**YOUR INSTRUCTIONS**
Your output should be the records below, word for word and picture-free.

**RECORDS PROVIDED**
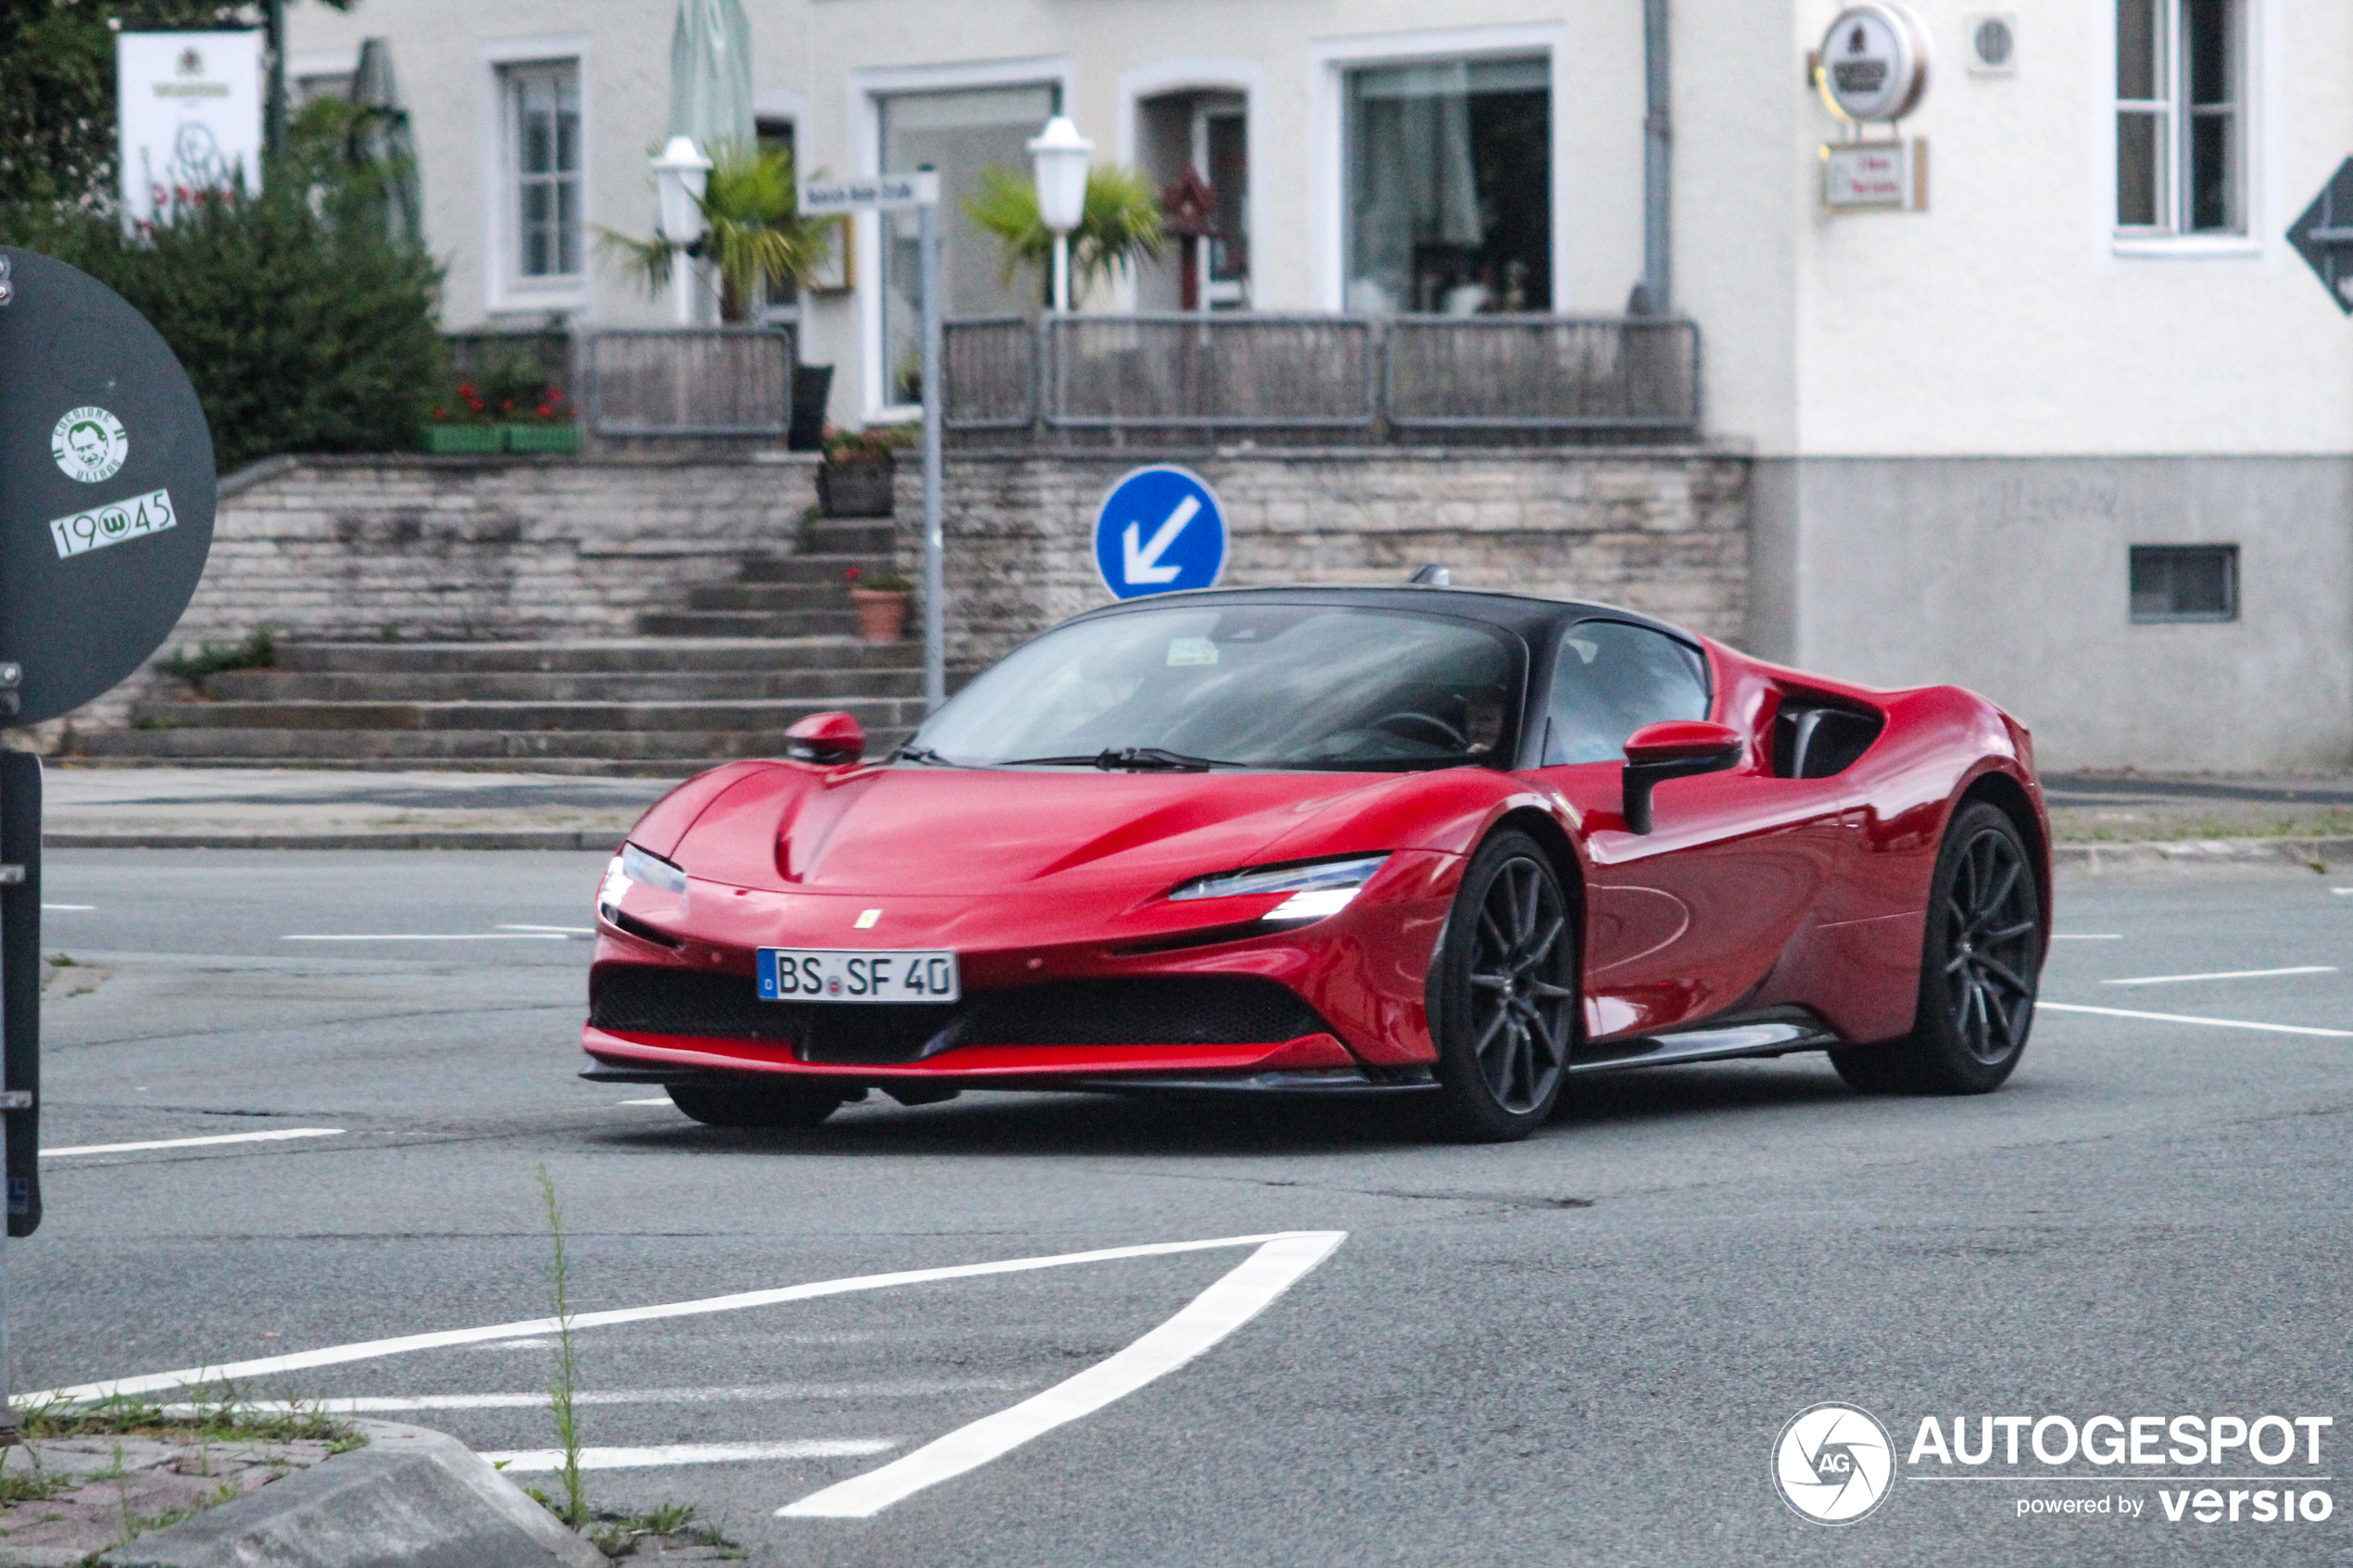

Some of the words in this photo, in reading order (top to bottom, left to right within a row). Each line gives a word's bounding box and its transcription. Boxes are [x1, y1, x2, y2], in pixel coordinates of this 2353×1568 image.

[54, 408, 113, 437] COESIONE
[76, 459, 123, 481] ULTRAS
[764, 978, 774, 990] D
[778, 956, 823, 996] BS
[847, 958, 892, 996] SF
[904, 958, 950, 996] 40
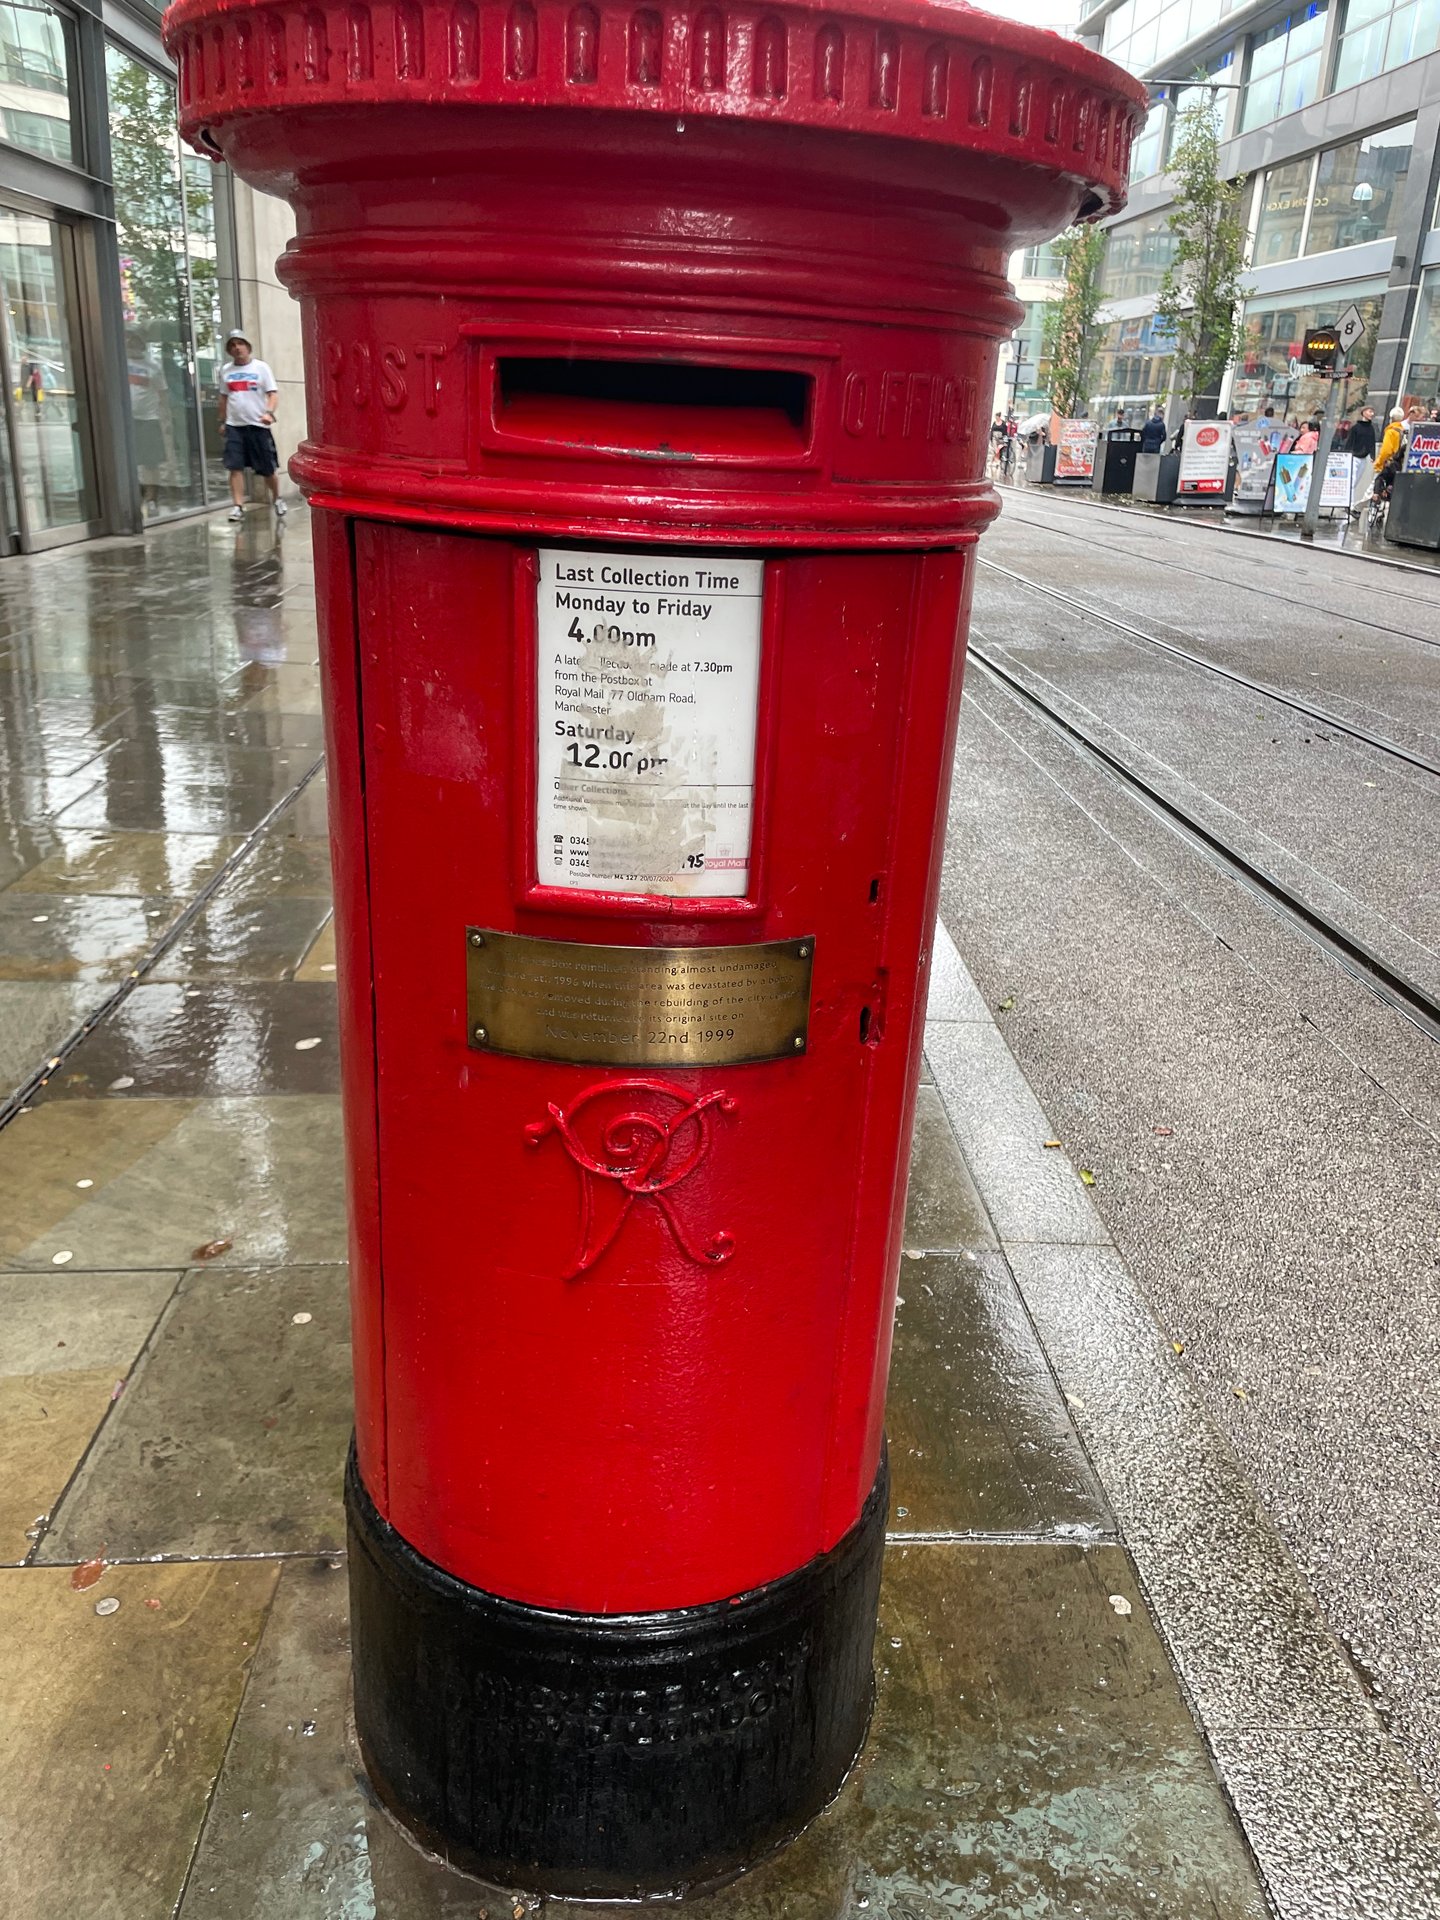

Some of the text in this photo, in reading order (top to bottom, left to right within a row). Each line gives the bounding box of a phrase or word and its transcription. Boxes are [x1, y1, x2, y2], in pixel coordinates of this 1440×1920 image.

**ANSWER TO THE PROBLEM**
Some of the words in this photo, in reading order (top to bottom, left to right within a row). Each line gives a word's bounding box and its transcription. Boxes are [x1, y1, x2, y2], in pixel coordinates of this 2353×1568 image.

[54, 408, 113, 437] COESIONE
[76, 459, 123, 481] ULTRAS
[764, 978, 774, 990] D
[778, 956, 823, 996] BS
[847, 958, 892, 996] SF
[904, 958, 950, 996] 40

Some of the text in this photo, in reading order (top to bottom, left to right within a row). Each line gives the bounding box of a phrase or word and its transcription. Boxes are [x1, y1, x2, y2], in pixel coordinates of this 1440×1920 image.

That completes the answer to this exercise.